Innovent’s statement lacks the numbers behind the PFS victory or adverse event data. Physicians quoted in the press release called the efficacy “excellent” and safety and tolerability “good,” with a low rate of gastrointestinal-related toxicity. Innovent is keeping the data back for academic conferences or journals. The biotech has yet to comment on the other primary endpoint, overall survival.

China’s National Medical Products Administration has accepted IBI343 for priority review. The filing is the first time a CLDN18.2-directed ADC has begun regulatory review, Innovent said. Innovent retained rights to the drug candidate in Greater China when it partnered the program with Takeda last year.

Takeda paid $1.2 billion for ex-China rights to IBI343 and a bispecific candidate, IBI363, which Takeda execs discussed with Fierce at ASCO last week. Studies of IBI343 in first-line gastric and pancreatic cancer are underway.

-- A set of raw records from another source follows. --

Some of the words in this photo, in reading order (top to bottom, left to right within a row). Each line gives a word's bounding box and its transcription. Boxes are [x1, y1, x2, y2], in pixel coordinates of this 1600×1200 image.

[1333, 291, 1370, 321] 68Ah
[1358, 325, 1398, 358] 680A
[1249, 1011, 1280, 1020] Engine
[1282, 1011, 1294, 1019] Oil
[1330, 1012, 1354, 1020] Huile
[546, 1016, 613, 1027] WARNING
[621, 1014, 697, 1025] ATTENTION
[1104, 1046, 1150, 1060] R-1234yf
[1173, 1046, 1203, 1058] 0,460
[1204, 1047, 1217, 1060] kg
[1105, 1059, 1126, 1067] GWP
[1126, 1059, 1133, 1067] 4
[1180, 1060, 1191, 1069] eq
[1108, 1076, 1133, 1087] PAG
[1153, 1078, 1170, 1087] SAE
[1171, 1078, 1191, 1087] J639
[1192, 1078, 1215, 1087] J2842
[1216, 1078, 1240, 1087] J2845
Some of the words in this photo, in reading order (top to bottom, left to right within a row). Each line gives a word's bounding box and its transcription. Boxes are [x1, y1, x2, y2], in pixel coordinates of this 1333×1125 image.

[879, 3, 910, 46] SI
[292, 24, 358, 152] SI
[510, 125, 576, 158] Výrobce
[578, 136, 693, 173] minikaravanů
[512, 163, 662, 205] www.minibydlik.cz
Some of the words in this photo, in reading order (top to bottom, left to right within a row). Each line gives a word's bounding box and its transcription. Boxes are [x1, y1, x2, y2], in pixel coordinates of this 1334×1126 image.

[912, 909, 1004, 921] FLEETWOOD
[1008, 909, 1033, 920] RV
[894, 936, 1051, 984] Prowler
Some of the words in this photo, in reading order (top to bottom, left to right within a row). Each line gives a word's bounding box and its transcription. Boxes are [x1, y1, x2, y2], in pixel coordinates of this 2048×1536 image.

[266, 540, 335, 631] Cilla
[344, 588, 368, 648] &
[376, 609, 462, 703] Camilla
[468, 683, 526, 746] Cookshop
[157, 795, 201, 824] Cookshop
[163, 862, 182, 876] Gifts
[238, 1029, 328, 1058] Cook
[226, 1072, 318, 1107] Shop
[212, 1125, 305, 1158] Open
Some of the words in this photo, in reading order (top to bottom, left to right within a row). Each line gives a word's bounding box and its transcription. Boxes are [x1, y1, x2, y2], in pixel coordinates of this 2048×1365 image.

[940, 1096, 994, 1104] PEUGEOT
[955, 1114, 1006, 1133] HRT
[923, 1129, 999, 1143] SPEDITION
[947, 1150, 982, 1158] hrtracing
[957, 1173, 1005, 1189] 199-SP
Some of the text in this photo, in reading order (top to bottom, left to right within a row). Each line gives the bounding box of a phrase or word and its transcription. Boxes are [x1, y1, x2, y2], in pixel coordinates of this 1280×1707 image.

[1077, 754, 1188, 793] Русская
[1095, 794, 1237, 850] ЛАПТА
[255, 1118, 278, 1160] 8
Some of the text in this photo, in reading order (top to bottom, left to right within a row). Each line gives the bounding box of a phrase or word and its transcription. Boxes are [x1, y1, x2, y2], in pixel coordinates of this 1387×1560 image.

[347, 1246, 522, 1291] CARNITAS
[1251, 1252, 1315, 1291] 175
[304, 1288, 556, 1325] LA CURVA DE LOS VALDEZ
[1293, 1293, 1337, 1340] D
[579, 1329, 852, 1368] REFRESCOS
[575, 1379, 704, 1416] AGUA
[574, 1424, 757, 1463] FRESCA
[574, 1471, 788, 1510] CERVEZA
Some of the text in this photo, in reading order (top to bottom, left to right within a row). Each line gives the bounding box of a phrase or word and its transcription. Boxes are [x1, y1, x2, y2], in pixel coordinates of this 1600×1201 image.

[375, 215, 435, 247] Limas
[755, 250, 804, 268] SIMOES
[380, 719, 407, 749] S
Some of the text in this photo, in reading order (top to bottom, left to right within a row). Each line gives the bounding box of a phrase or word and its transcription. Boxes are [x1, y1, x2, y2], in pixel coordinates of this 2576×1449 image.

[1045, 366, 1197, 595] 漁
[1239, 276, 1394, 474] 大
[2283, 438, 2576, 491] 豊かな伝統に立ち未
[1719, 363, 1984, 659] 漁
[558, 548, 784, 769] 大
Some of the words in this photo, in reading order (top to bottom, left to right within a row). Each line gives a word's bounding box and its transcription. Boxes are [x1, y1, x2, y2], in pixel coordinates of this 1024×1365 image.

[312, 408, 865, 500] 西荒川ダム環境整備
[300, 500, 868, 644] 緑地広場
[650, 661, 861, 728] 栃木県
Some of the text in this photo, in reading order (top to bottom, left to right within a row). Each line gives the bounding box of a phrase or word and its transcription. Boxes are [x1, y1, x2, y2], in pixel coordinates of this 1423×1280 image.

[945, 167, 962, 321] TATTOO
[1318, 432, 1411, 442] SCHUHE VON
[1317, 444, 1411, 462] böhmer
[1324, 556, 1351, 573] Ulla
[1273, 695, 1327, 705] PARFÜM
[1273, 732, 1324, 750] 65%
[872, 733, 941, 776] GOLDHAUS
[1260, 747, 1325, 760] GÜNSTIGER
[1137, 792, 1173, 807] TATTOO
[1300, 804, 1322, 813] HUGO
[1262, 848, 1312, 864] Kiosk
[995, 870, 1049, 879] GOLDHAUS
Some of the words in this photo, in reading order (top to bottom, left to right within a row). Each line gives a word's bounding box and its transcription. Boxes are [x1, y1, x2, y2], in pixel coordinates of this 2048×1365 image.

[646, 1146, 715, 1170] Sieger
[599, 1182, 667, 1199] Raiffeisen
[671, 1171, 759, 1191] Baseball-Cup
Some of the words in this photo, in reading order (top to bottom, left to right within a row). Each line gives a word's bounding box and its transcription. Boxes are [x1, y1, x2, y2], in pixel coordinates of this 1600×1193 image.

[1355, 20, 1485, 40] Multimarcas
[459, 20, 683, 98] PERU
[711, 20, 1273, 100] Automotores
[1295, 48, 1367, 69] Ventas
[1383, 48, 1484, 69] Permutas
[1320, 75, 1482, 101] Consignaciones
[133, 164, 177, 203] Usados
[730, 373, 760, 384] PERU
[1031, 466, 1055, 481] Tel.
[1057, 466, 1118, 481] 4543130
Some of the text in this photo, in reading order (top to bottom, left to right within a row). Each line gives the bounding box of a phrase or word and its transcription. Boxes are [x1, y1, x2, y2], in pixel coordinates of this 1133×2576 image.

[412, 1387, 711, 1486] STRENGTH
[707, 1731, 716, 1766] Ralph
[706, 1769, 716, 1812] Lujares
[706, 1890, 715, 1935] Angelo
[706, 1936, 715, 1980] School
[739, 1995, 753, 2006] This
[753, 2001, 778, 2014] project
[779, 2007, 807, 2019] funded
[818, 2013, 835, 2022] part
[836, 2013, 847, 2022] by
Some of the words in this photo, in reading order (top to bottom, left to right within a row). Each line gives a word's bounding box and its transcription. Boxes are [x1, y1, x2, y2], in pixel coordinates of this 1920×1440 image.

Multiple companies are pursuing the same opportunities. AstraZeneca licensed a CLDN18.2 bispecific in 2022 and struck a deal for an ADC the next year. Astellas picked up an ADC last year as rivals circled its nascent CLDN18.2 franchise. Moderna entered the field in 2023. Merck & Co. had a CLDN18.2 candidate from its Kelun-Biotech collaboration but returned the ADC in 2024.